Festival de Sevilla 2019 (Sección Oficial): “Dios existe, su nombre es Petrunya” y “El reflejo de Sybil”

Virginie Efira y Zorica Nusheva, protagonistas de El reflejo de Sybill y Dios existe, su nombre es Petrunya, respectivamente, demostraron que una de las decisiones más difíciles del jurado del Festival de Cine Europeo de Sevilla fue elegir a la mejor actriz que finalmente recayó con justicia en la actriz macedonia.
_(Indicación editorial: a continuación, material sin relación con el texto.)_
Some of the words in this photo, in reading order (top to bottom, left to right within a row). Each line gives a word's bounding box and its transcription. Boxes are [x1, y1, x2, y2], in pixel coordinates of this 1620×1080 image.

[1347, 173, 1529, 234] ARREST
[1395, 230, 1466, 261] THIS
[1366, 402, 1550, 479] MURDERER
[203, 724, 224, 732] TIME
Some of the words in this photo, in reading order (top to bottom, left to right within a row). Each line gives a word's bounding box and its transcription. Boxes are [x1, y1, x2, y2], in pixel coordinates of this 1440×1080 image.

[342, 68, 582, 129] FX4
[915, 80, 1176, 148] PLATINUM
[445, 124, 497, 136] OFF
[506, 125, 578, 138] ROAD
Dios existe, su nombre es Petrunya (Teona Strugar Mitevska)

Dios existe, su nombre es Petrunya

Procedente la Sección Oficial del Festival de Berlín, Dios existe, su nombre es Petrunya supone la quinta película de la directora macedonia Teona Strugar Mitevska, aunque es la primera que vemos en España. La cinta que nos ocupa sitúa a su protagonista, la Petrunya del título, en la encrucijada de devolver la cruz de madera obtenida en una festividad eclesiástica donde supuestamente solo pueden participar hombres.
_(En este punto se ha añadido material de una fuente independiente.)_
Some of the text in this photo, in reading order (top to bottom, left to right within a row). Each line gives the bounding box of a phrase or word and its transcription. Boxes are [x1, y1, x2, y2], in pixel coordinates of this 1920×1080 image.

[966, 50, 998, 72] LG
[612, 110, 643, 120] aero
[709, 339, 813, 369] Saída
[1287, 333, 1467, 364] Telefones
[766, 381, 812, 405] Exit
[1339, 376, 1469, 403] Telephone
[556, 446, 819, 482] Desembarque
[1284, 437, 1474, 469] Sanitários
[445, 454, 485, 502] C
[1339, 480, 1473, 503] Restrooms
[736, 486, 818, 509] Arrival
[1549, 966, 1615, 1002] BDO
Strugar Mitevska acoge el conflicto de Petrunya con sentido del humor pero sin dejar de cargar las tintas en las miserias cotidianas. Afortunadamente, Dios existe, su nombre es Petrunya se aleja de la sordidez tan habitual en cierto cine de autor a la hora de abordar los problemas de las mujeres en estos entornos tan clásicamente machistas. El excelente trabajo de guion, la cuidada puesta en escena, huyendo de la manida cámara en mano, y la sutil composición de la actriz Zorica Nusheva, ganadora del premio de interpretación en el festival sevillano, aúpan la película. Aun así, cierto trazo grueso en algunos personajes y la excesiva verbalización de los conflictos alejan a Dios existe, su nombre es Petrunya de ser una película notable. De todos modos, son estos defectos menores en una obra que tiene claro donde quiere llegar y cómo transmitir sus ideas, abriendo un halo de esperanza final ya que las revoluciones comienzan con pequeños gestos como el de Petrunya.

El reflejo de Sybill (Justine Trier)

El reflejo de Sybil

La directora Justine Trier alcanzó la gloria con su debut, La batalla de Solferino, película que aunaba comedia y drama, con un conflicto individual enmarcado en una manifestación social, elegida como una de las mejores de su año por Cahiers du Cinema. Su segunda película, Los casos de Victoria, fue vista como una película francesa más, de las de millones de espectadores, con lo que pasó sin pena ni gloria crítica. Mucho se esperaba de su tercera película, El reflejo de Sybil, donde repite con Virginie Efira e incorpora a Adèle Exarchopoulos y Gaspard Ulliel.

El reflejo de Sybil remite inevitablemente a Bergman al proponer una historia de corte psicológico donde dos mujeres, una psicoanalista y una actriz, terminan encerradas en una isla intentando recomponer los pedazos sentimentales de ambas. Mediante caprichosos flashbacks iremos conociendo el turbulento pasado de Sybil y dando cierto sentido a sus comportamientos en el presente. A esto se añade una tercera capa en la que Sybil escribe una novela basada en los personajes que encuentra en el rodaje liderado por el personaje de Exarchopoulos. Estos mimbres podría haber dado lugar a una compleja película, pero Trier no logra que la narración fluya orgánicamente y estos saltos y confusiones narrativas en vez de añadir complejidad solo lastran el conjunto. Los personajes toman decisiones incongruentes, caprichosas, más fruto del empeño por sorprender con un giro de guion que por mera cuestión natural. Así, la suspensión de incredulidad que hay que realizar como espectador acaba costando un salto de fe excesivo que acaba provocando la desconexión con la película, a pesar del enorme trabajo de Virginie Efira.